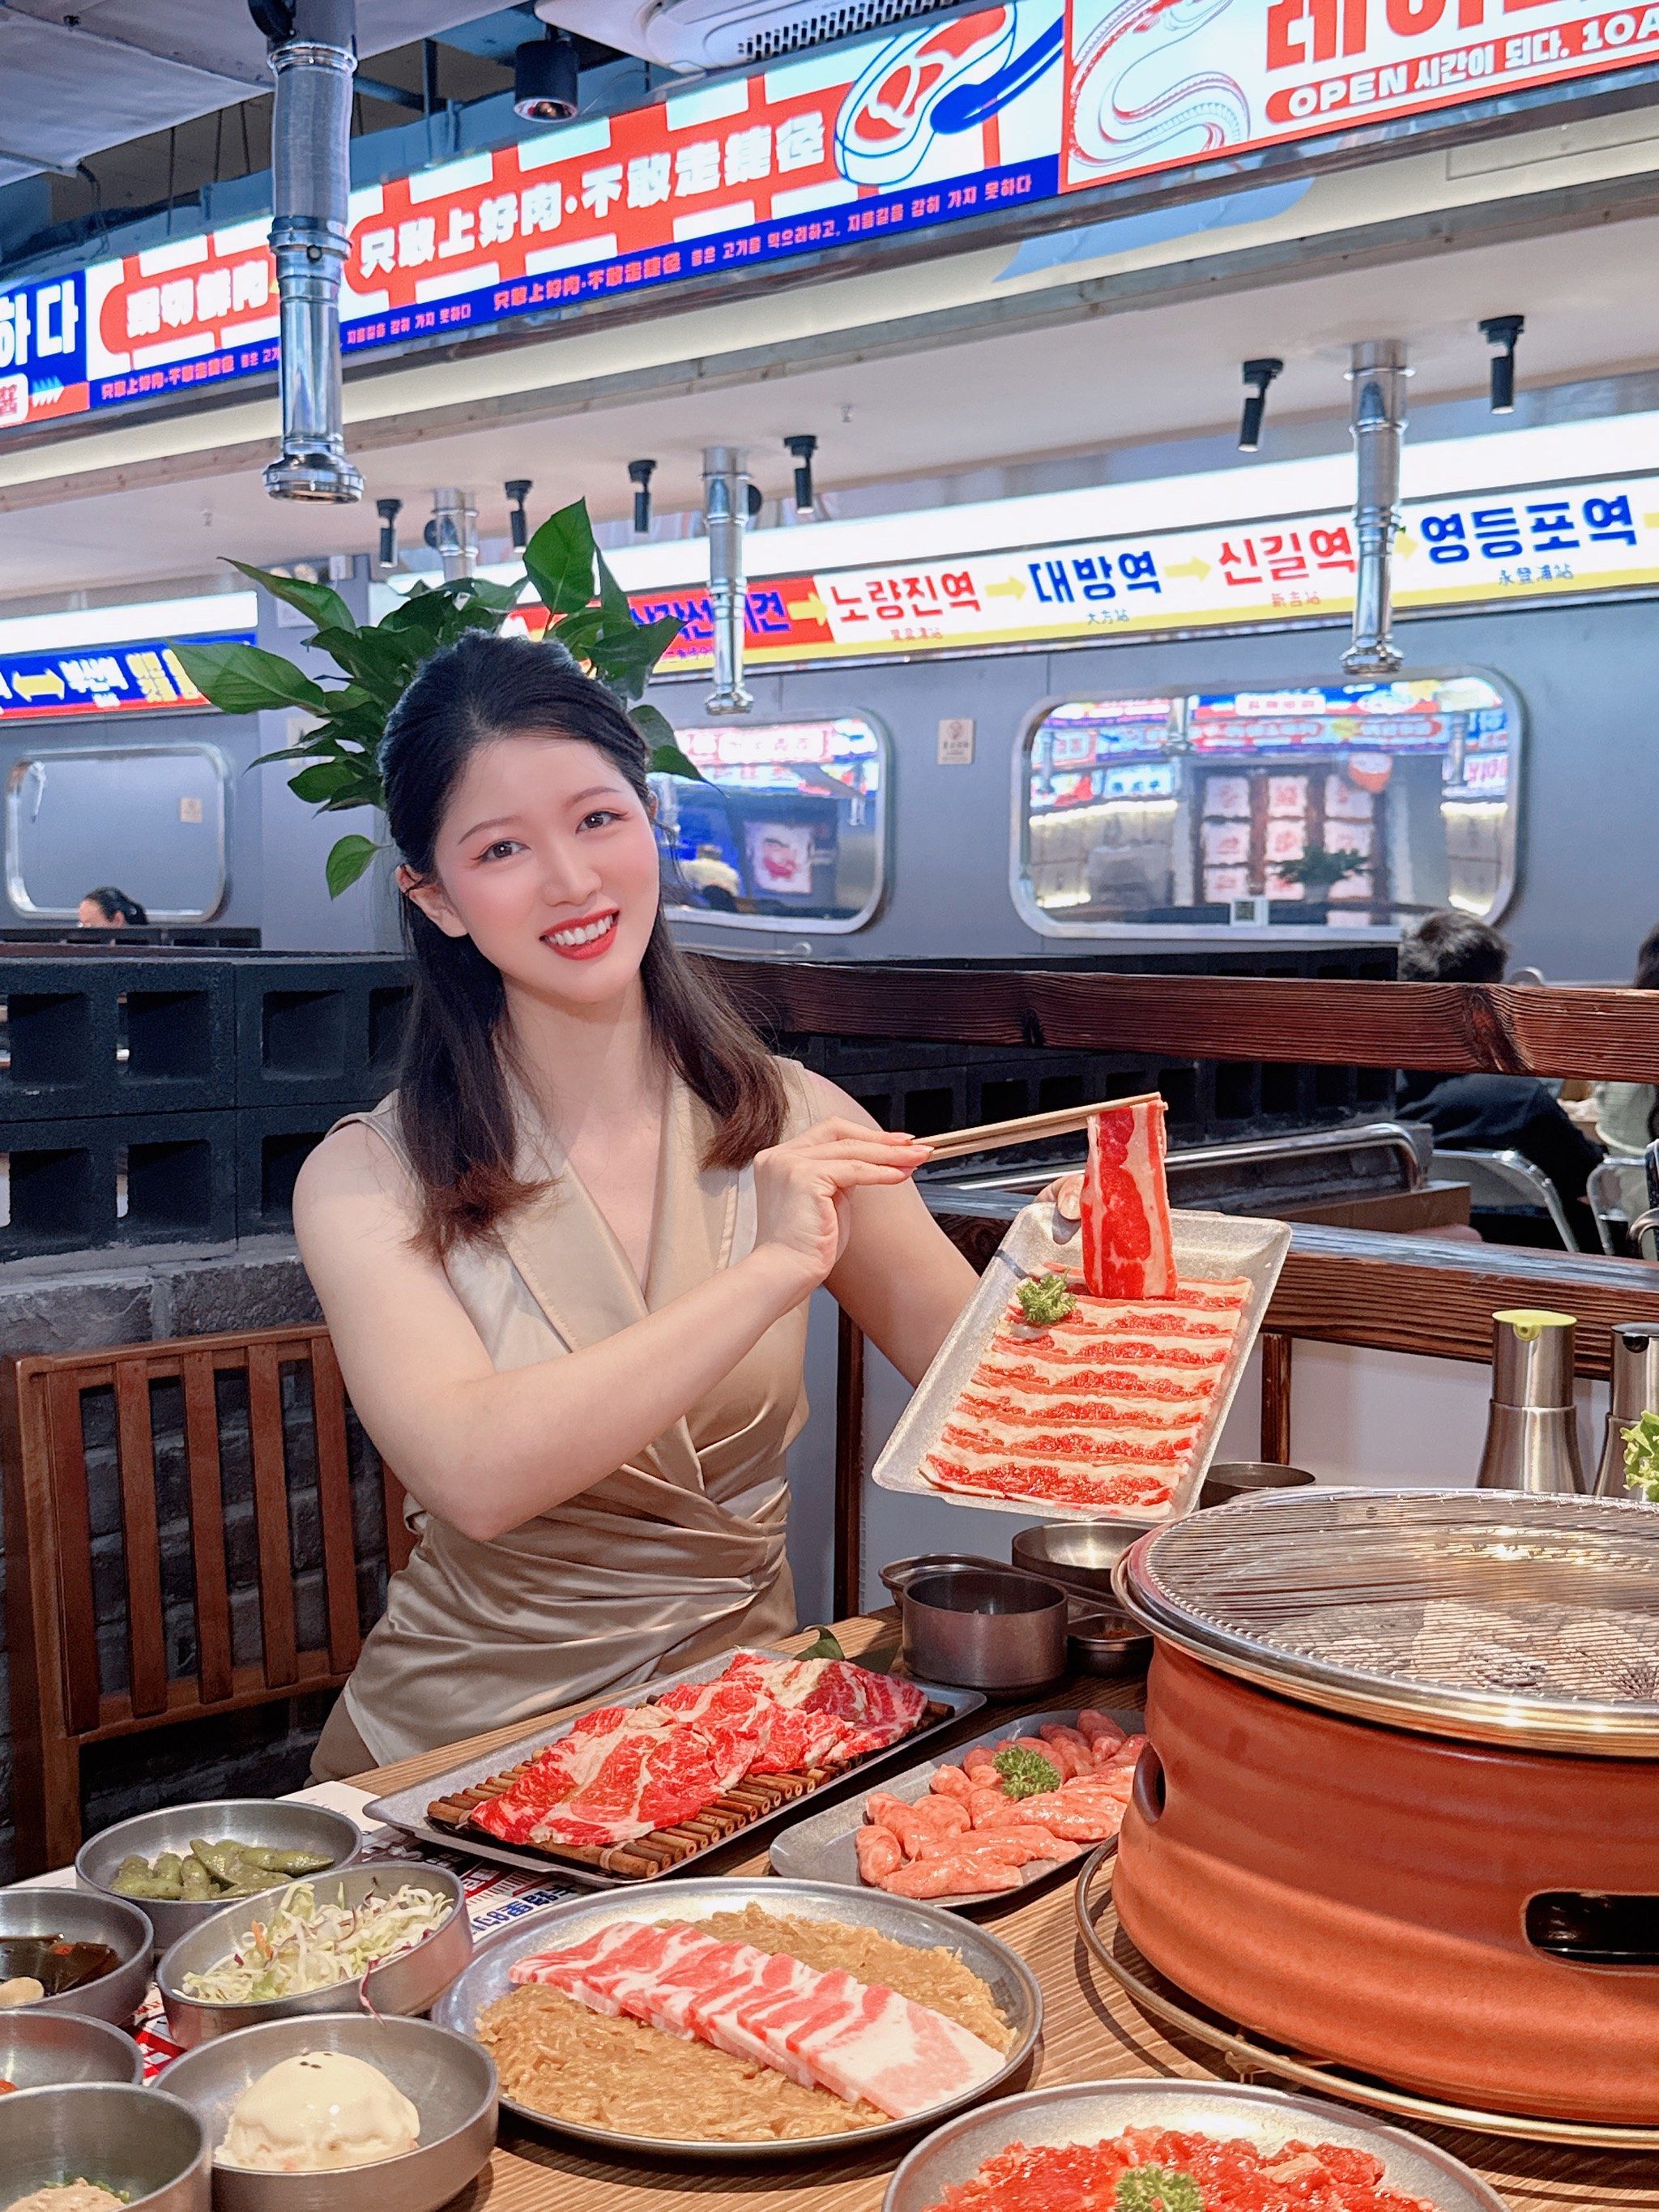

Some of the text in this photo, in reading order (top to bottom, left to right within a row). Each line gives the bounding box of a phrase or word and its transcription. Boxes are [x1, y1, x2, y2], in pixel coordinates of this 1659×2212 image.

[1289, 66, 1407, 117] OPEN
[1414, 44, 1495, 91] 시간이
[1505, 29, 1570, 70] 되다.
[830, 570, 981, 623] 노량진역
[1027, 550, 1162, 604] 대방역
[1218, 527, 1357, 587] 신길역
[1420, 494, 1638, 564] 영등포역
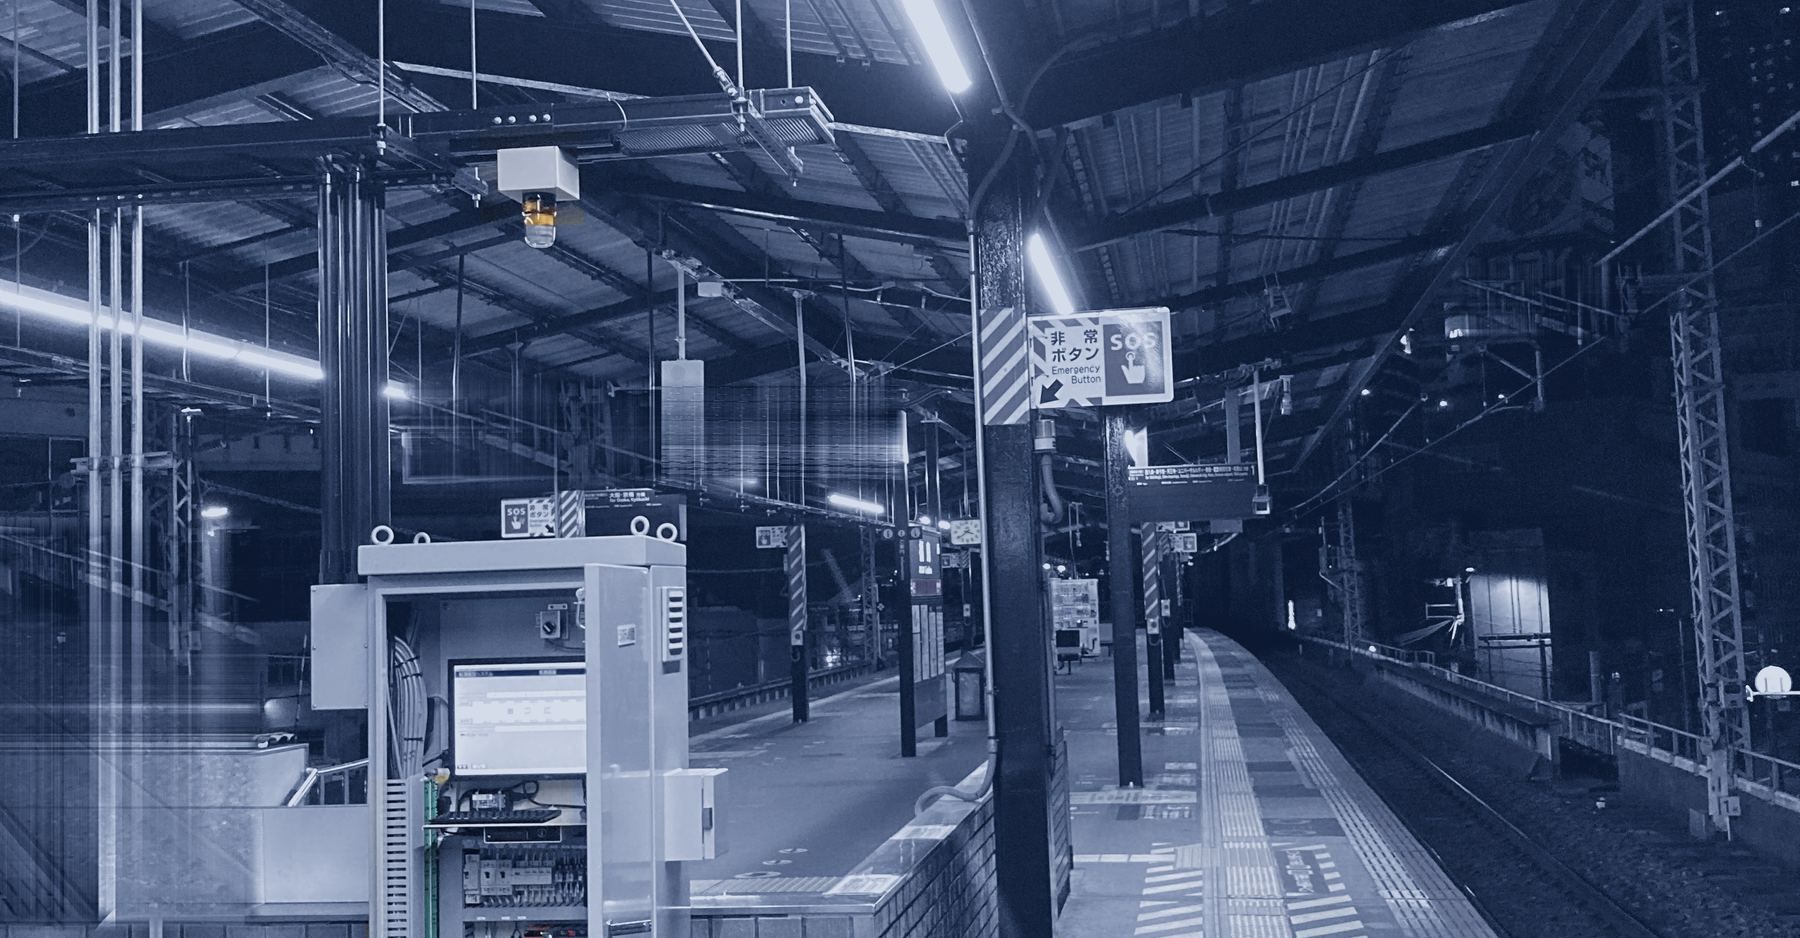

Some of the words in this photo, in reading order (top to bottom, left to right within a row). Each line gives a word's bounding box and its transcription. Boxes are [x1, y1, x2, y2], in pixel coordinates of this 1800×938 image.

[1050, 329, 1098, 346] 非常
[1110, 332, 1156, 351] SOS
[1052, 347, 1099, 362] ボタン
[1051, 365, 1100, 375] Emergency
[1071, 374, 1102, 384] Button
[507, 508, 526, 516] SOS
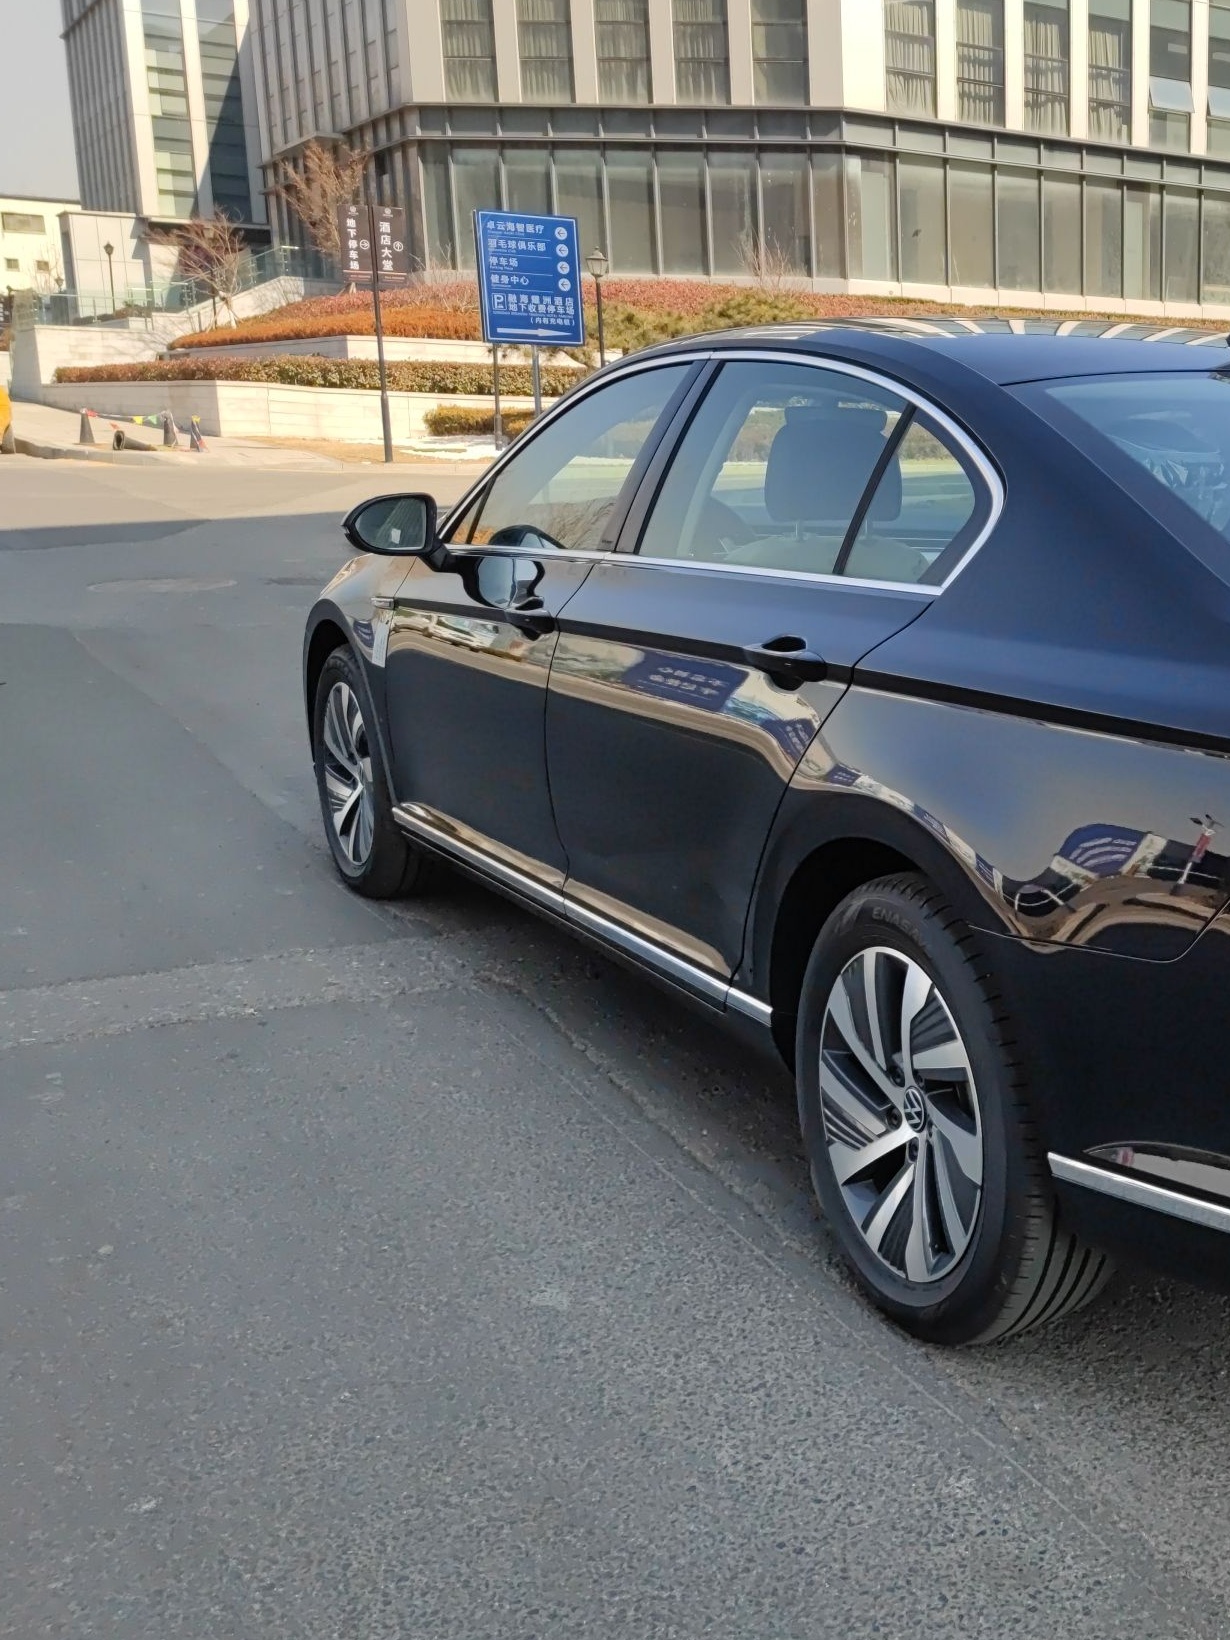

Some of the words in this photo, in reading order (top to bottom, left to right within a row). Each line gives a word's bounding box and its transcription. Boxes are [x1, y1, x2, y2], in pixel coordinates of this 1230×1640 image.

[346, 218, 360, 270] 地下停车场
[379, 221, 394, 271] 酒店大堂
[488, 238, 547, 252] 羽毛球俱乐部
[489, 256, 519, 267] 停车场
[491, 274, 530, 286] 健身中心

————

What is needed: Without changing a word, restate the listing above; the pictures stay out.

Answer to this exercise:
Some of the text in this photo, in reading order (top to bottom, left to right within a row). Each line gives the bounding box of a phrase or word and its transcription. Boxes are [x1, y1, x2, y2], in pixel coordinates of this 1659×2212 image.

[1289, 66, 1407, 117] OPEN
[1414, 44, 1495, 91] 시간이
[1505, 29, 1570, 70] 되다.
[830, 570, 981, 623] 노량진역
[1027, 550, 1162, 604] 대방역
[1218, 527, 1357, 587] 신길역
[1420, 494, 1638, 564] 영등포역

Some of the words in this photo, in reading order (top to bottom, left to right within a row). Each line gives a word's bounding box and its transcription. Boxes are [x1, y1, x2, y2], in pixel coordinates of this 1800×938 image.

[1050, 329, 1098, 346] 非常
[1110, 332, 1156, 351] SOS
[1052, 347, 1099, 362] ボタン
[1051, 365, 1100, 375] Emergency
[1071, 374, 1102, 384] Button
[507, 508, 526, 516] SOS

Some of the words in this photo, in reading order (top to bottom, left to right within a row). Each line gives a word's bounding box and its transcription. Boxes are [x1, y1, x2, y2], in pixel coordinates of this 1230×1640 image.

[346, 218, 360, 270] 地下停车场
[379, 221, 394, 271] 酒店大堂
[488, 238, 547, 252] 羽毛球俱乐部
[489, 256, 519, 267] 停车场
[491, 274, 530, 286] 健身中心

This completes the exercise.